* Problem details: Leave the pictures out while you restate every entry below word for word.

* Given entries:
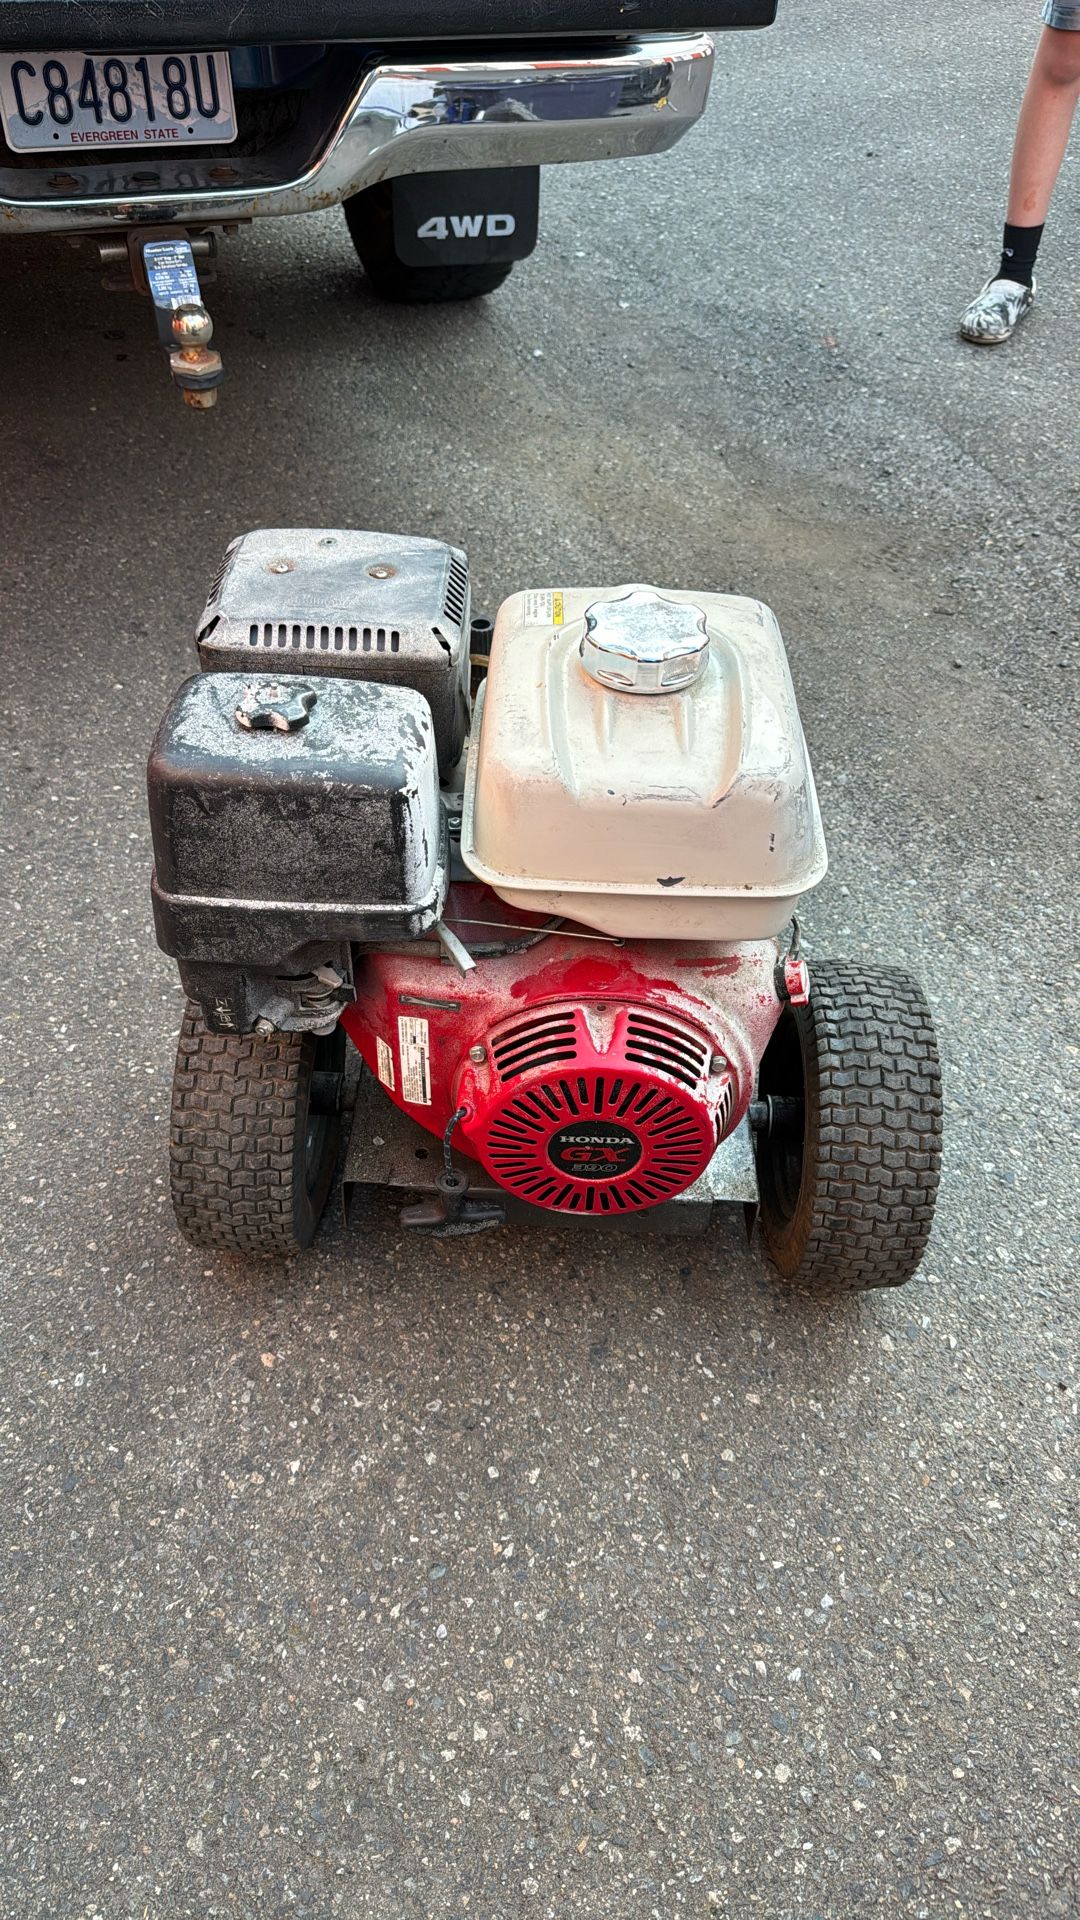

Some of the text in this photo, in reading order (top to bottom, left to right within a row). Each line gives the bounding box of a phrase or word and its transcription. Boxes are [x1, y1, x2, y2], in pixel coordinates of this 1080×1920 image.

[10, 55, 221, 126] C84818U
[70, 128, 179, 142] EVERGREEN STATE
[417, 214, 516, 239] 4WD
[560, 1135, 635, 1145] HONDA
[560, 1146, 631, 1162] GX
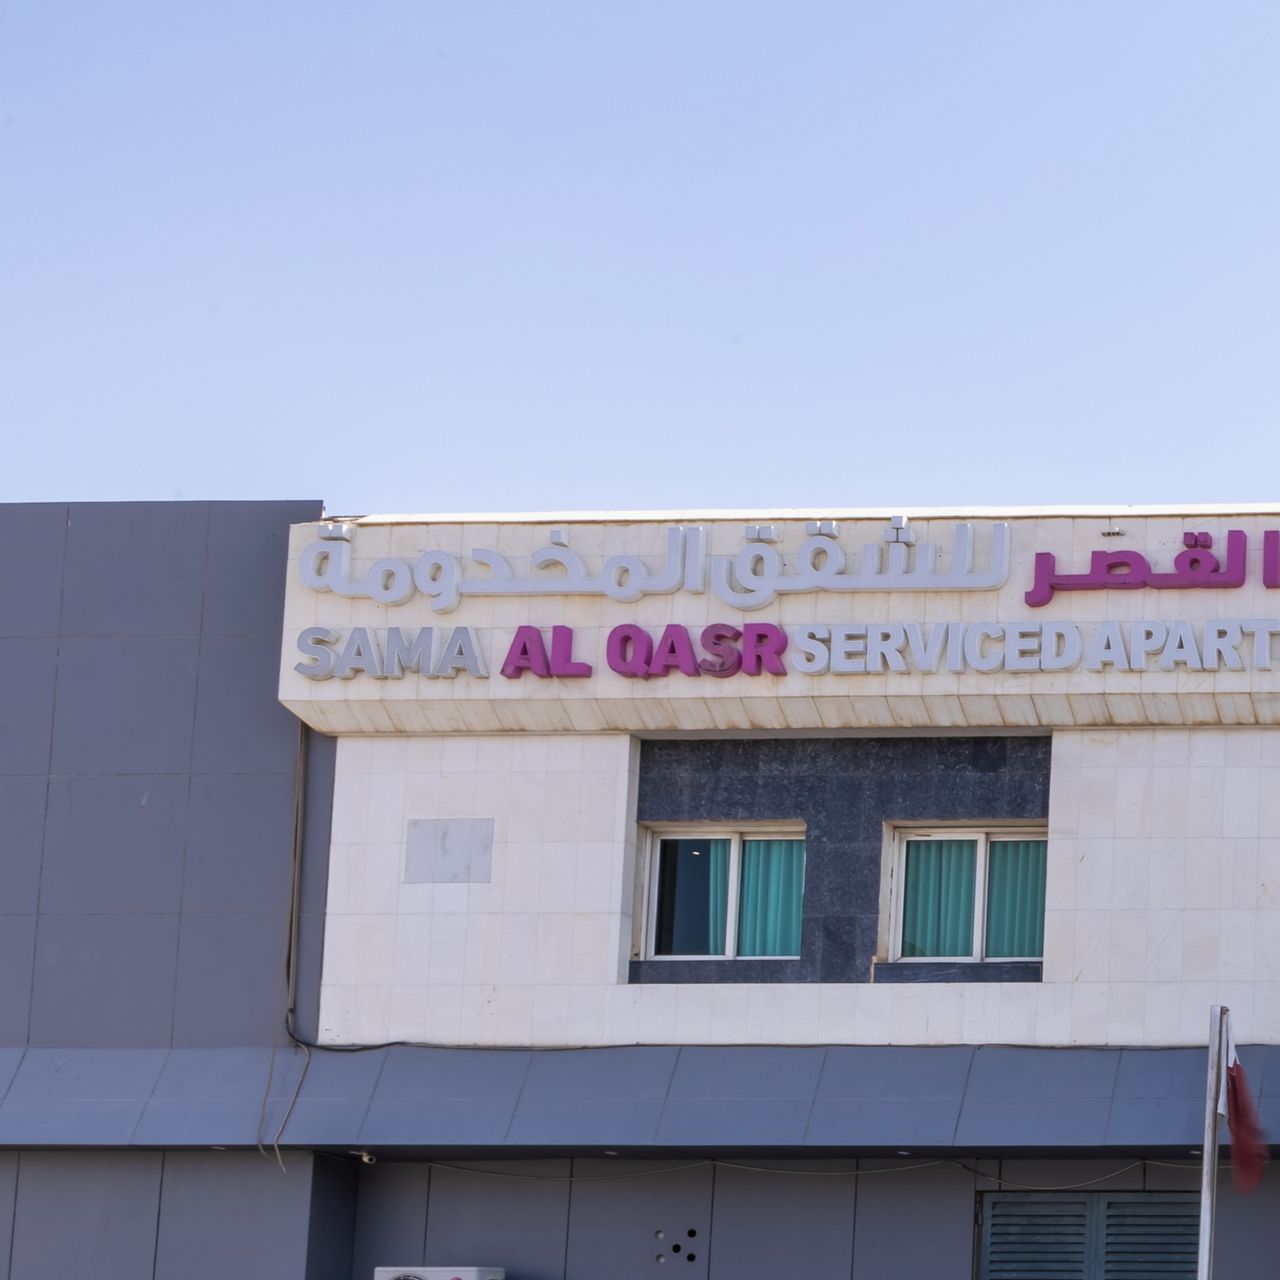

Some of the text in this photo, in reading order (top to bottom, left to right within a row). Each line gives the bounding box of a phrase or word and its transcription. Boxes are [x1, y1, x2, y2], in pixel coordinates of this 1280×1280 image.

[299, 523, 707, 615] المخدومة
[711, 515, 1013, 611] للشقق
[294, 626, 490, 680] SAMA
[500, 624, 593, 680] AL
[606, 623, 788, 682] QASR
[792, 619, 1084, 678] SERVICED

* Solution below:
Some of the text in this photo, in reading order (top to bottom, left to right within a row). Each line gives the bounding box of a phrase or word and its transcription. Boxes are [x1, y1, x2, y2], in pixel coordinates of this 1080×1920 image.

[10, 55, 221, 126] C84818U
[70, 128, 179, 142] EVERGREEN STATE
[417, 214, 516, 239] 4WD
[560, 1135, 635, 1145] HONDA
[560, 1146, 631, 1162] GX

Some of the text in this photo, in reading order (top to bottom, left to right within a row). Each line gives the bounding box of a phrase or word and its transcription. Boxes are [x1, y1, x2, y2], in pixel coordinates of this 1280×1280 image.

[299, 523, 707, 615] المخدومة
[711, 515, 1013, 611] للشقق
[294, 626, 490, 680] SAMA
[500, 624, 593, 680] AL
[606, 623, 788, 682] QASR
[792, 619, 1084, 678] SERVICED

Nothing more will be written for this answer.